🤖 AI Summary
Current deep research evaluation systems face significant challenges, including reliance on manual annotations, static evaluation dimensions, and difficulties in fact verification when citations are absent. This work proposes the first end-to-end automated framework that addresses these limitations by introducing a role-driven, two-stage task generation process—assessing both task eligibility and the necessity of external search—to construct realistic research tasks requiring multi-source integration. Furthermore, it incorporates an agent-based dynamic evaluation mechanism that combines adaptive pointwise quality scoring with proactive web-based fact-checking, enabling high-quality task construction and verifiable factual assessment without human annotation. The proposed approach substantially enhances the authenticity, scalability, and reliability of research evaluation.
📝 Abstract
Deep research systems are widely used for multi-step web research, analysis, and cross-source synthesis, yet their evaluation remains challenging. Existing benchmarks often require annotation-intensive task construction, rely on static evaluation dimensions, or fail to reliably verify facts when citations are missing. To bridge these gaps, we introduce DeepResearchEval, an automated framework for deep research task construction and agentic evaluation.

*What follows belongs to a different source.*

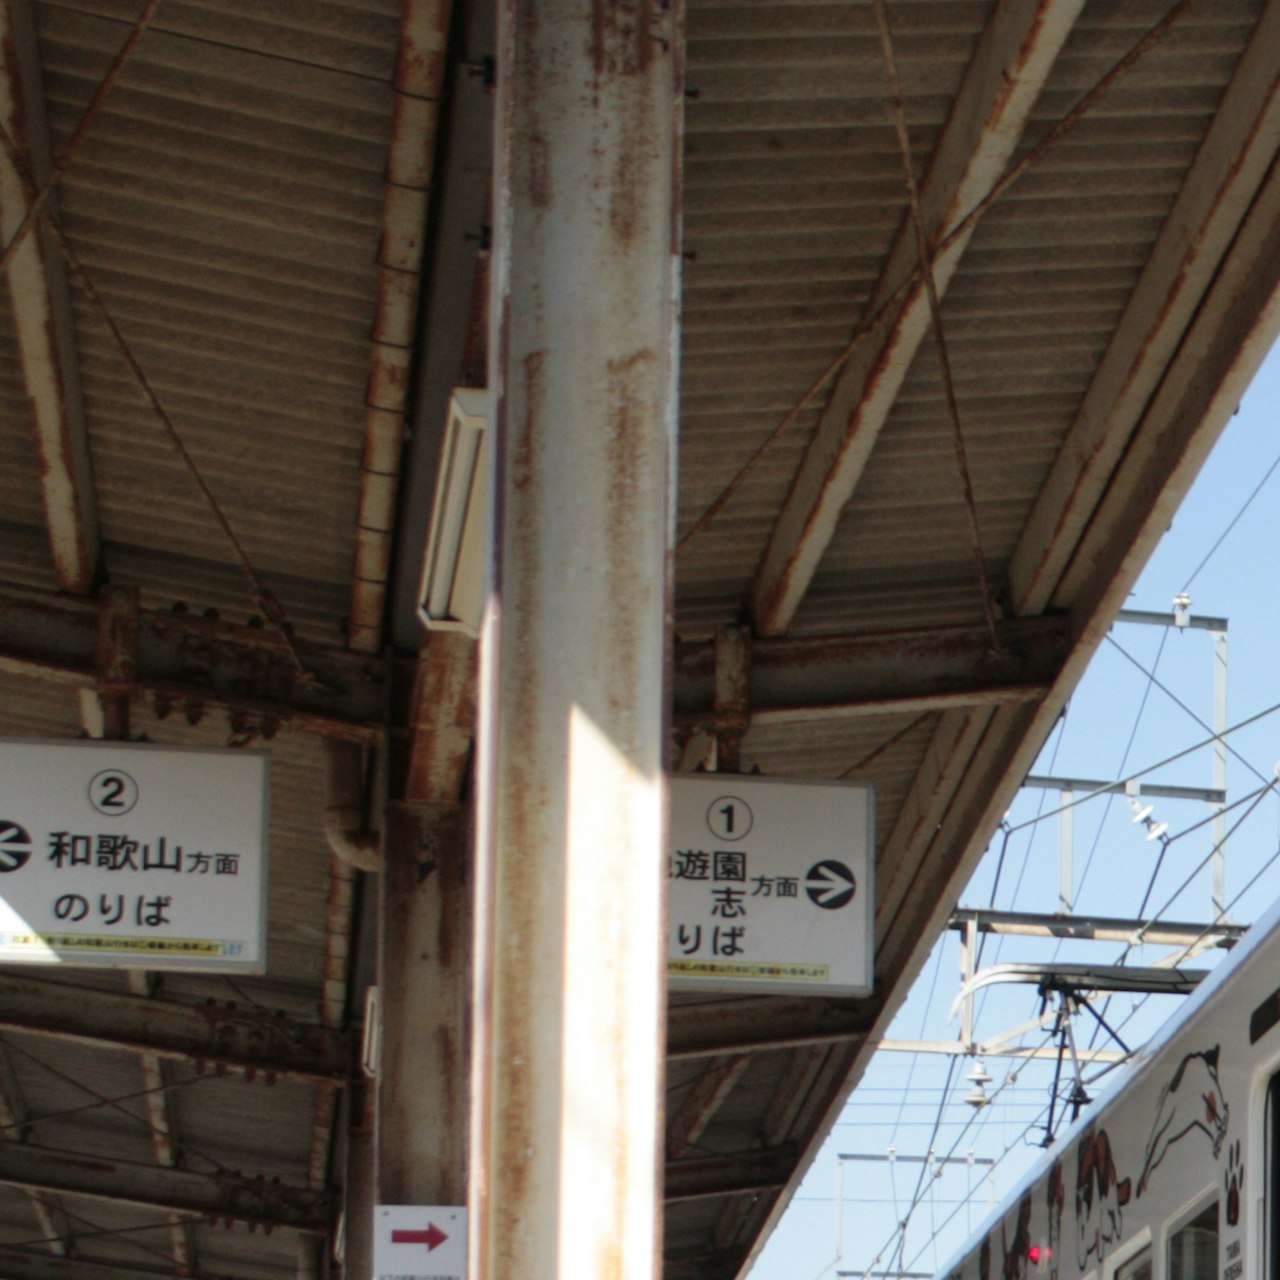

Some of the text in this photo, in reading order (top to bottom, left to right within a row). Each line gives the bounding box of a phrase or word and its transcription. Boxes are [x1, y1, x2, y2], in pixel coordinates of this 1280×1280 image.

For task construction, we propose a persona-driven pipeline generating realistic, complex research tasks anchored in diverse user profiles, applying a two-stage filter Task Qualification and Search Necessity to retain only tasks requiring multi-source evidence integration and external retrieval. For evaluation, we propose an agentic pipeline with two components: an Adaptive Point-wise Quality Evaluation that dynamically derives task-specific evaluation dimensions, criteria, and weights conditioned on each generated task, and an Active Fact-Checking that autonomously extracts and verifies report statements via web search, even when citations are missing.